Steward was born in Reading, Berkshire, in England in 1841. He was educated at King Edward VI. Grammar School in Ludlow (to which his family had moved, his boyhood home at Numbers 4–5 King Street now marked by a plaque), and Dr Benham's Commercial School in Gloucester. He emigrated to New Zealand apparently on the Mersey in 1862, but his name is not included in the passenger list for the 25 September 1862 arrival.

==Family==
Steward married Hannah Whitefoord on 4 December 1873 at St. Paul's Church in Dunedin. She was the third daughter of Caleb Whitefoord of Burford in Shropshire near Ludlow. They had one son and three daughters.

==Professional career==
In 1863, he was working as a draper in Christchurch. From 1867, he was editor of the Oamaru Times in Oamaru. He was later proprietor of the North Otago Times, the Ashburton Mail and Guardian and, after moving to Waimate, the Waimate Times.

==Political career==

===Member of Parliament===

Steward and Macassey contested the 1871 general election in Waitaki. At the time, the Waitaki was a single-member electorate. At the nomination meeting, Steward received a slight majority during the show of hands, and Macassey demanded a poll. The poll was held on Friday, 3 February 1871. Steward and Macassey received 188 and 137 votes, respectively. Steward was thus returned to Parliament.

The next election was held in early January 1876. Waitaki had become a two-member electorate, and four candidates put their names forward. Steward and Joseph O'Meagher contested the election as abolitionists (i.e. they were in favour of abolishing the provincial government), while Thomas W. Bislop and Samuel Shrimski were provincialists (i.e. they favoured the retention of provincial government). The provincialists won the election by quite some margin, and Steward lost his seat in Parliament.

Steward was again elected in 1881 to represent the single-member Waimate electorate. The Waitaki electorate had been abolished and the Waimate electorate covered the area of South Canterbury where Steward resided. Four candidates had contested the election, and Steward was returned with a comfortable margin. He held the electorate until it was abolished in 1893.

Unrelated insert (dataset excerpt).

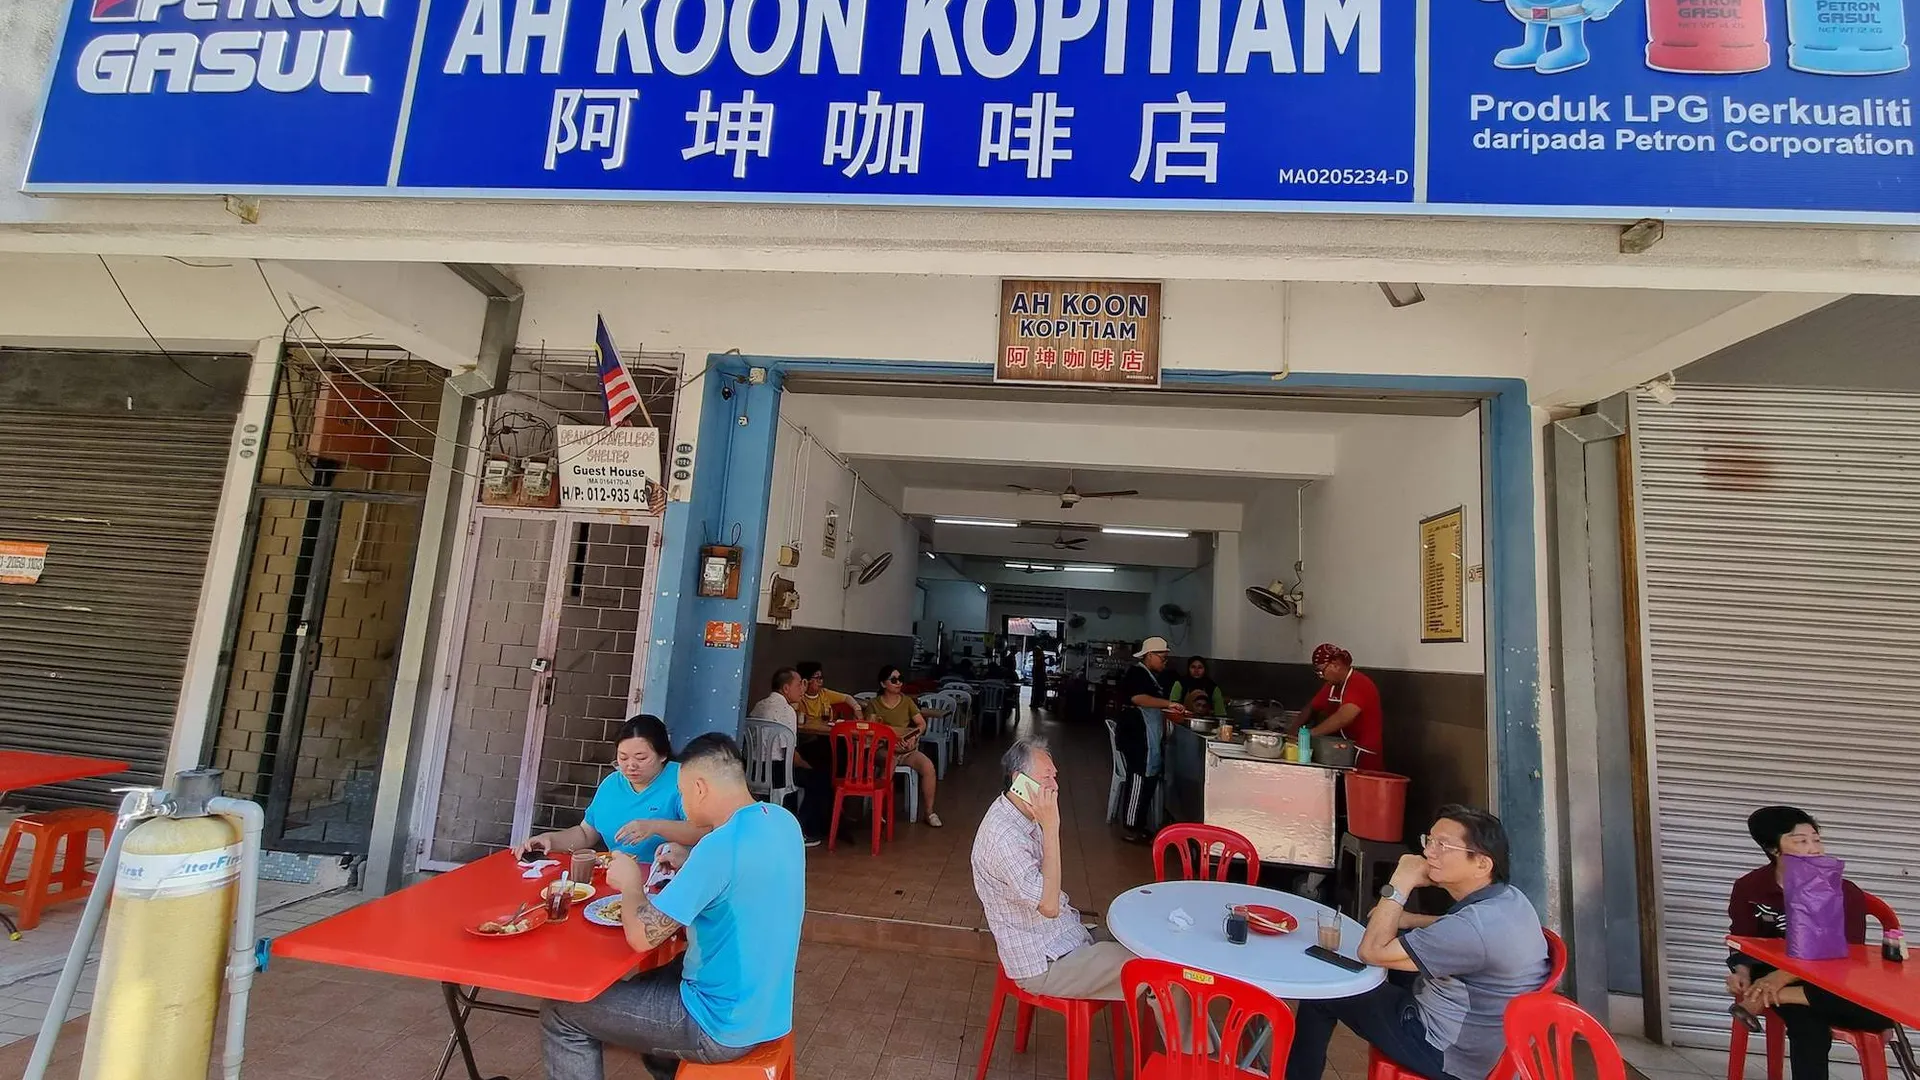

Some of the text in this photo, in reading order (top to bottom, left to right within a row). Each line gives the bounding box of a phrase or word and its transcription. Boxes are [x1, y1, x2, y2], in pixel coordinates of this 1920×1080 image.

In 1893 he was re-elected to a reconstituted Waitaki, which he held until 1911, when he was appointed to the Legislative Council.

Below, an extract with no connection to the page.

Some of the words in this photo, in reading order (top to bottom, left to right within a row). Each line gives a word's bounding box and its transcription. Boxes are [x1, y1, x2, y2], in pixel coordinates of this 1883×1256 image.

Steward was elected Speaker on 23 January 1891 when the Liberal Government came to power. The 1890 general election was held on 5 December 1890. Harry Atkinson was the Premier at the time. Traditionally, the incumbent speaker would keep his position, unless the election result was not in support of the incoming government. The 1890 election did not have a clear result and the incumbent speaker, Maurice O'Rorke, lost his seat in Parliament. Alfred Saunders, an independent MP, proposed William Rolleston as speaker, as he had been a long-standing MP since 1868. But Richard Seddon proposed that Steward be chosen instead, which came as a surprise, as the latter was relatively undistinguished. The house voted on the issue and Steward was chosen by 36 to 29 votes. It was the first time that the role of speaker had been put to the vote by the New Zealand Parliament. The election sealed the end of the Atkinson government, which resigned the following day. The forming of the Liberal Party marked the beginning of party politics in New Zealand.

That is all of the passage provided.